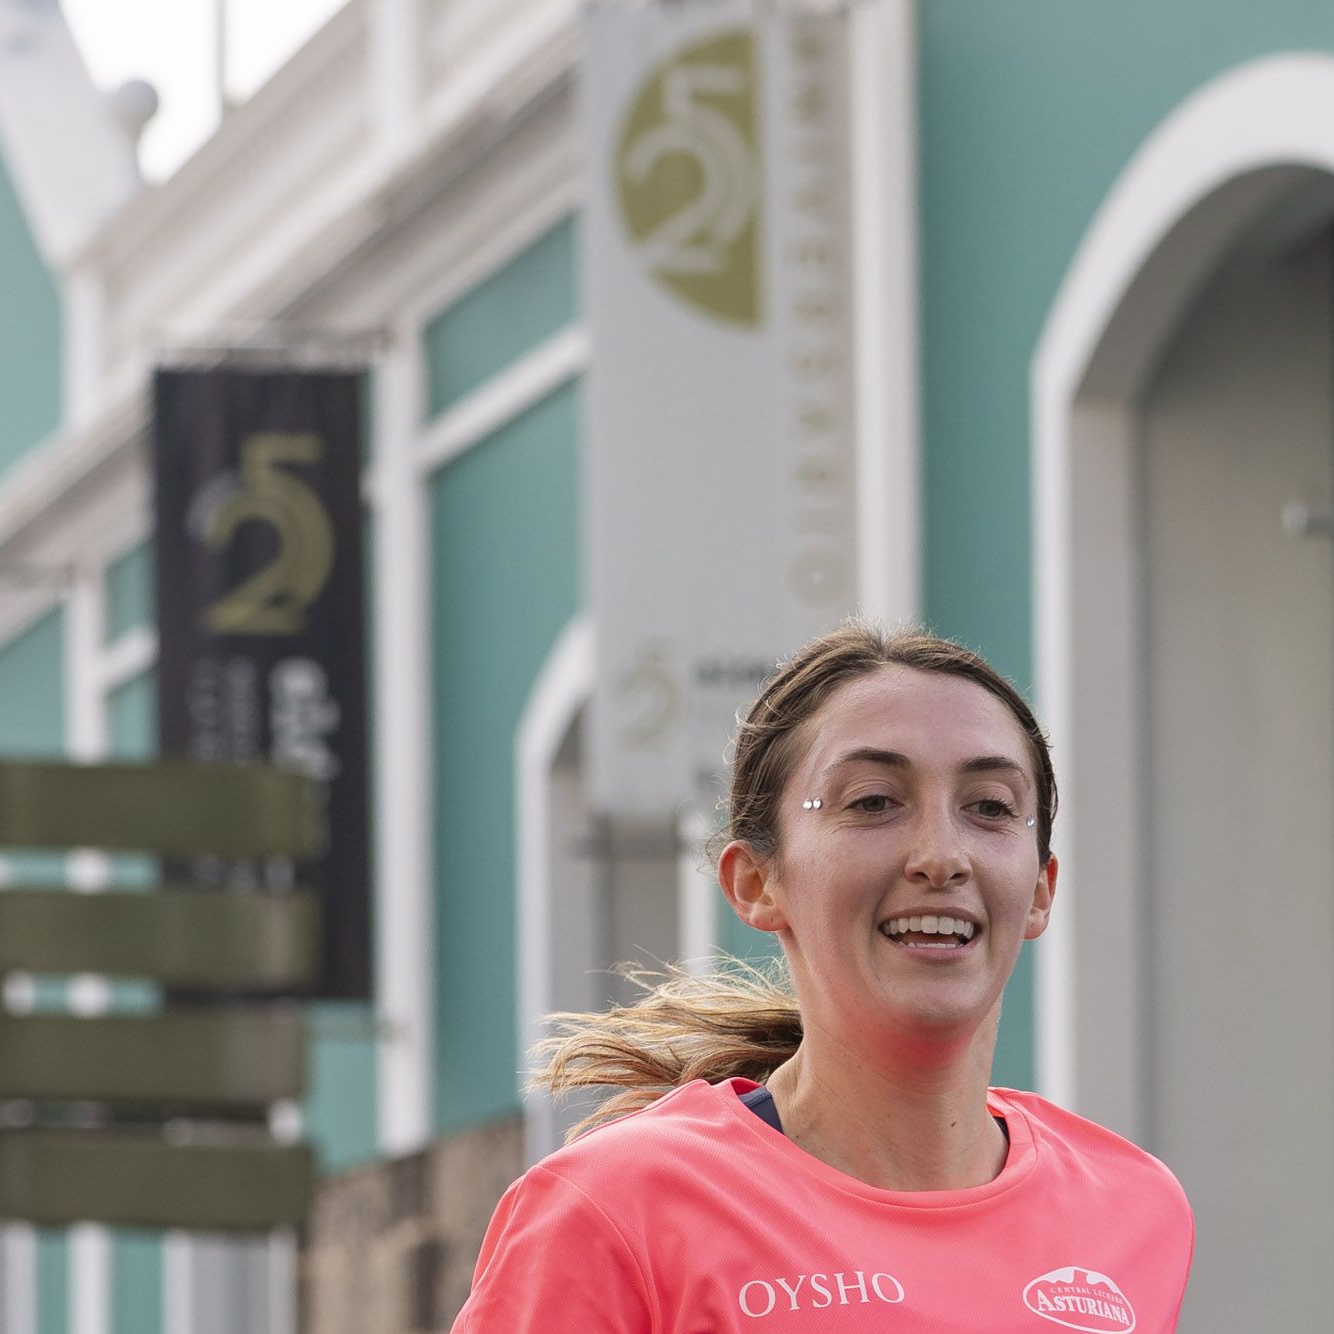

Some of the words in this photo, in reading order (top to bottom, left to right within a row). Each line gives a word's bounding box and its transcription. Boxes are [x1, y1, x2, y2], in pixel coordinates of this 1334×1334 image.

[738, 1270, 906, 1318] OYSHO
[1037, 1289, 1132, 1327] ASTURIANA
[1050, 1286, 1092, 1295] CENTRAL
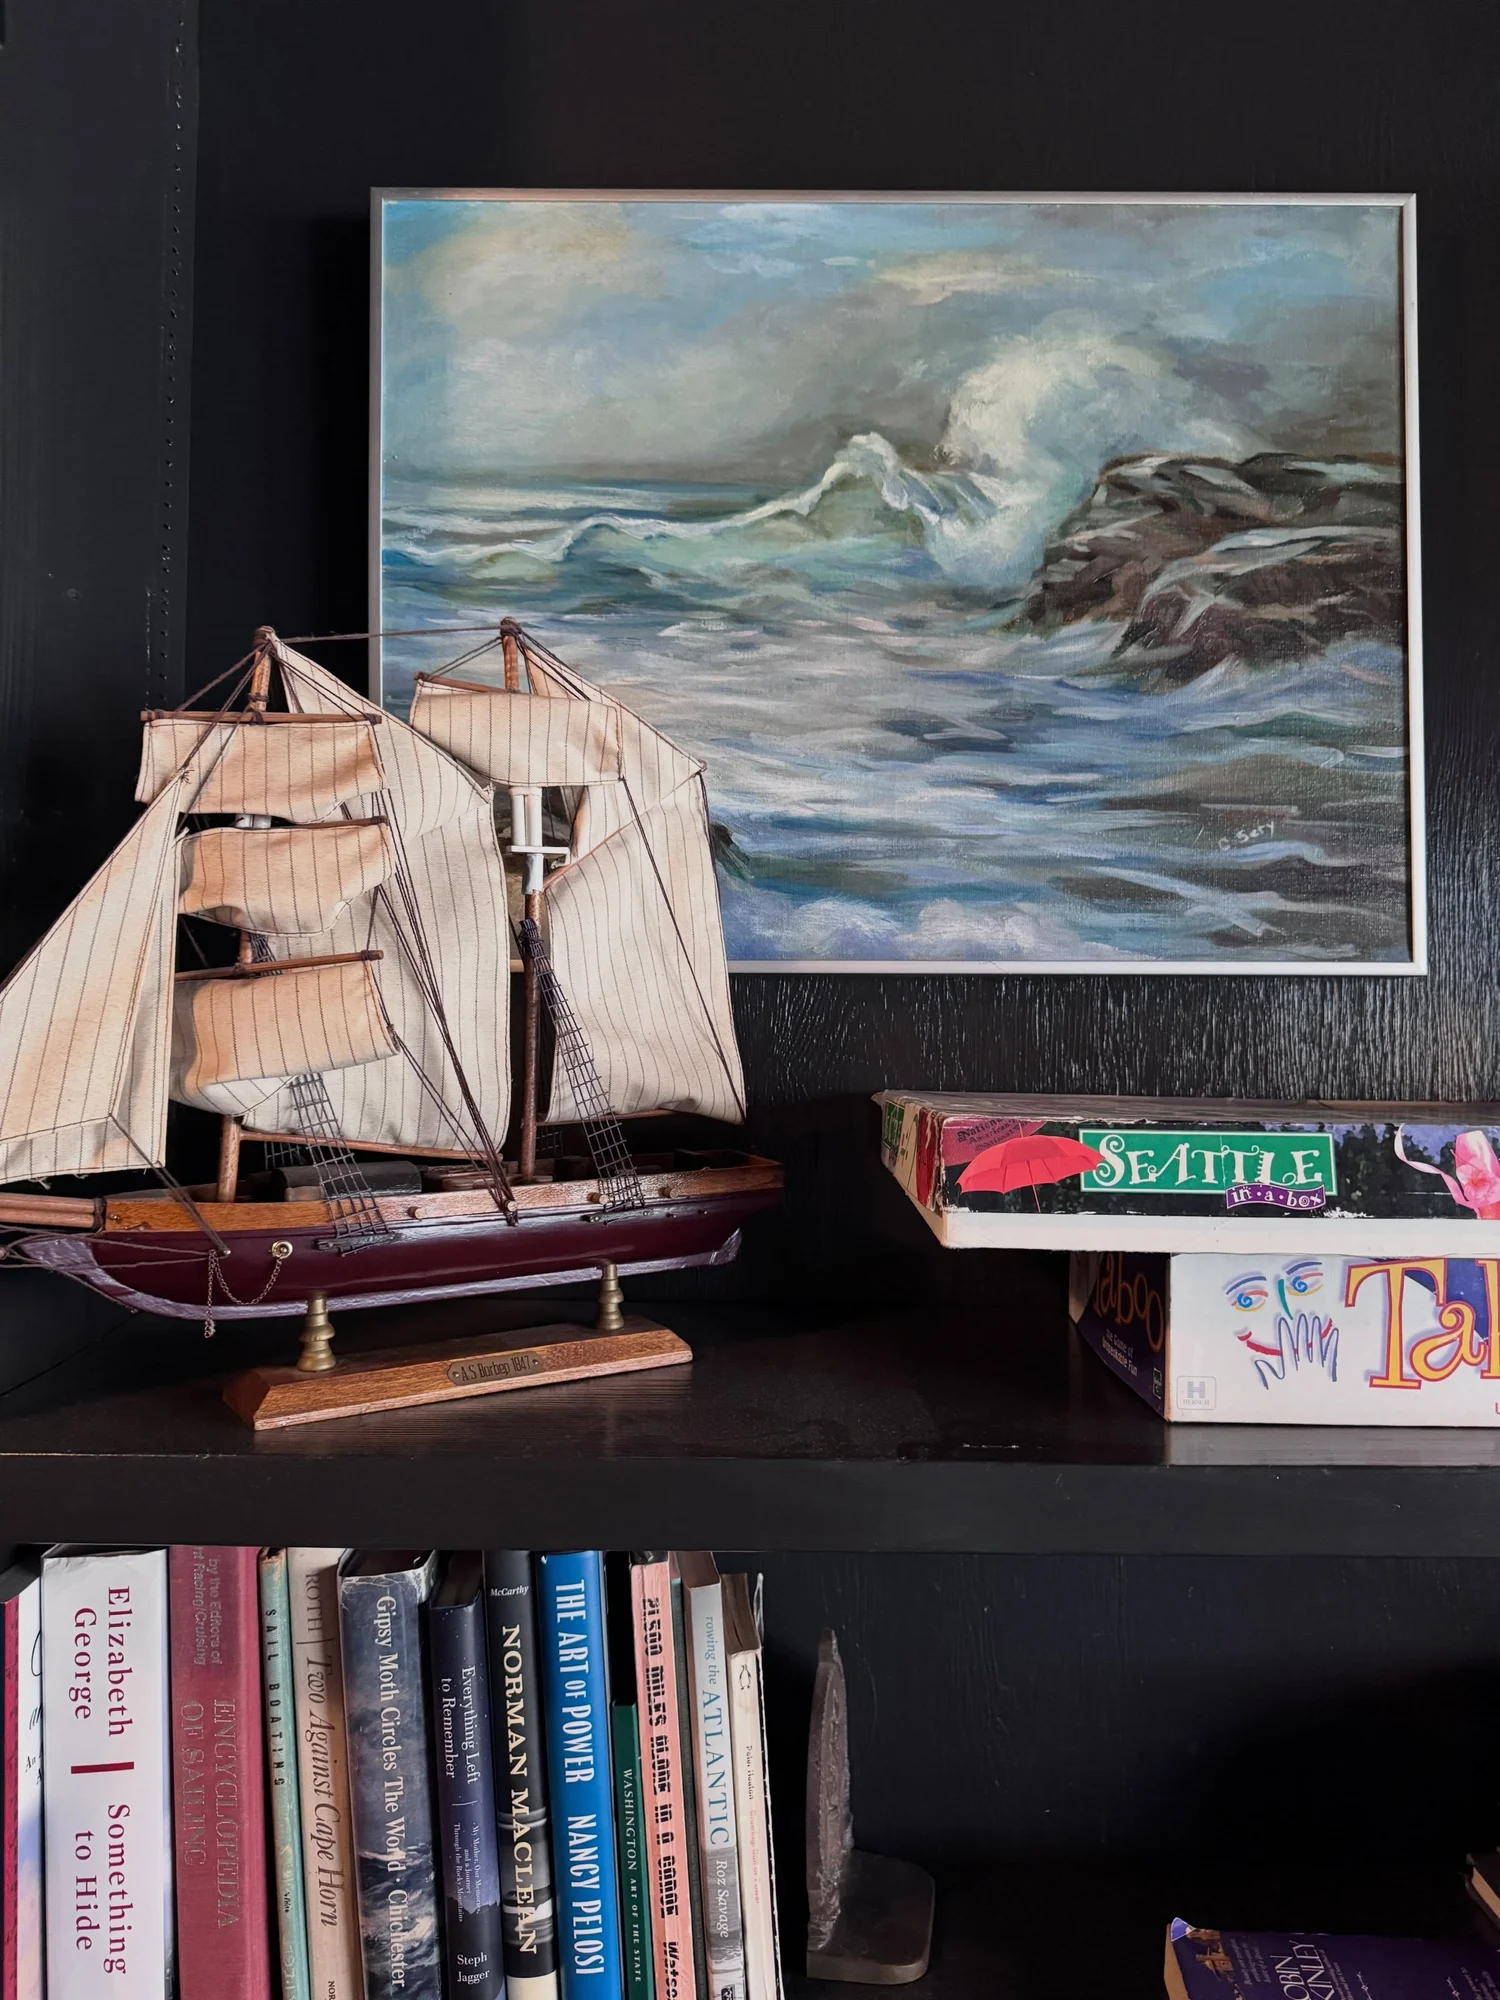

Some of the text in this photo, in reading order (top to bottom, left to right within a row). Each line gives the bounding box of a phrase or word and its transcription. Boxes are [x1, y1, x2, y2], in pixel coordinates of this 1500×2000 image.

AIM OF THE EXERCISE
Please give the records again word for word, omitting all images.

TASK SOLUTION
Some of the words in this photo, in reading order (top to bottom, left to right within a row). Each line gives a word's bounding box and its transcription. Boxes are [x1, y1, x2, y2], in pixel coordinates of this 1334×1334 image.

[738, 1270, 906, 1318] OYSHO
[1037, 1289, 1132, 1327] ASTURIANA
[1050, 1286, 1092, 1295] CENTRAL

Some of the text in this photo, in reading order (top to bottom, left to right within a row). Each line gives the bounding box of a phrase or word and its transcription. Boxes are [x1, y1, x2, y2], in pixel coordinates of this 1500×2000 image.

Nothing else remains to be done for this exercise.